Module 6: Skills & Workflows

  • Modules 1-5 complete — you understand the agentic loop, context assembly, tool dispatch, permissions, and hooks

  • ~/learnpath project scaffolded with FastAPI, Pydantic V2 models, and CRUD API endpoints

  • CLAUDE.md and .claude/settings.json configured with permission rules and hooks from Modules 4 and 5


Part 1: How It Works

In Module 5 you learned how hooks attach to lifecycle events and fire automatically. Skills are the other side of the extensibility coin: explicit, repeatable workflows that you invoke on demand.

Hooks are automatic side effects. Skills are invocable workflows.
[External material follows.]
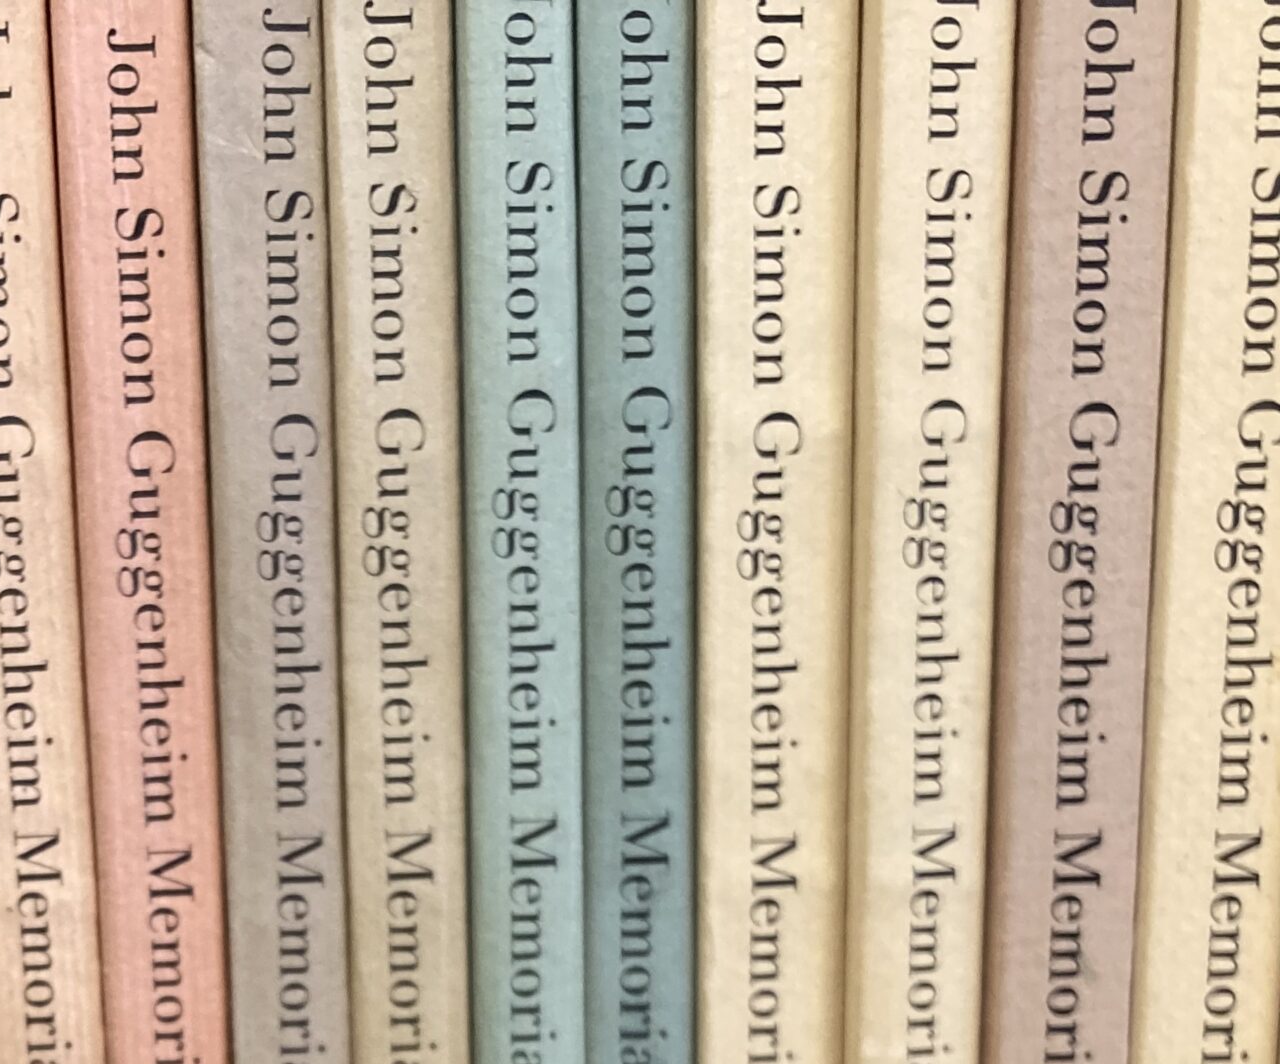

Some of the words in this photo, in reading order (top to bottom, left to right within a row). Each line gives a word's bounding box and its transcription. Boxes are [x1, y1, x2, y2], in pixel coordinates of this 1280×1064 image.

Together they give you two complementary ways to extend Claude Code without modifying its internals.

What Skills Are

A skill is a reusable, markdown-based workflow definition that extends Claude Code with custom capabilities. When you invoke a skill, Claude reads the skill’s instructions and follows them as if you had typed those instructions yourself — but with structure, consistency, and repeatability that freeform prompts cannot match.

Think of the difference this way:

  • Without skills: "Hey Claude, run Alembic to migrate the database, then check the current migration status and report back." You type this every time, with slight variations, and sometimes forget a step.

  • With skills: /db:migrate — same workflow, every time, with inline shell commands that capture live state.

Skills encode tribal knowledge into executable workflows. The migration procedure, the scaffolding conventions, the test coverage analysis — all captured once, used repeatedly by anyone on the team.

Skill Anatomy

A skill is a directory containing a SKILL.md file. That file has two parts: YAML frontmatter (between --- delimiters) and a markdown instruction body.

.claude/skills/
└── my-skill/
    └── SKILL.md

Here is a minimal SKILL.md:

---
name: greet
description: Greet the user
user-invocable: true
---
Say hello to the user and wish them a productive coding session.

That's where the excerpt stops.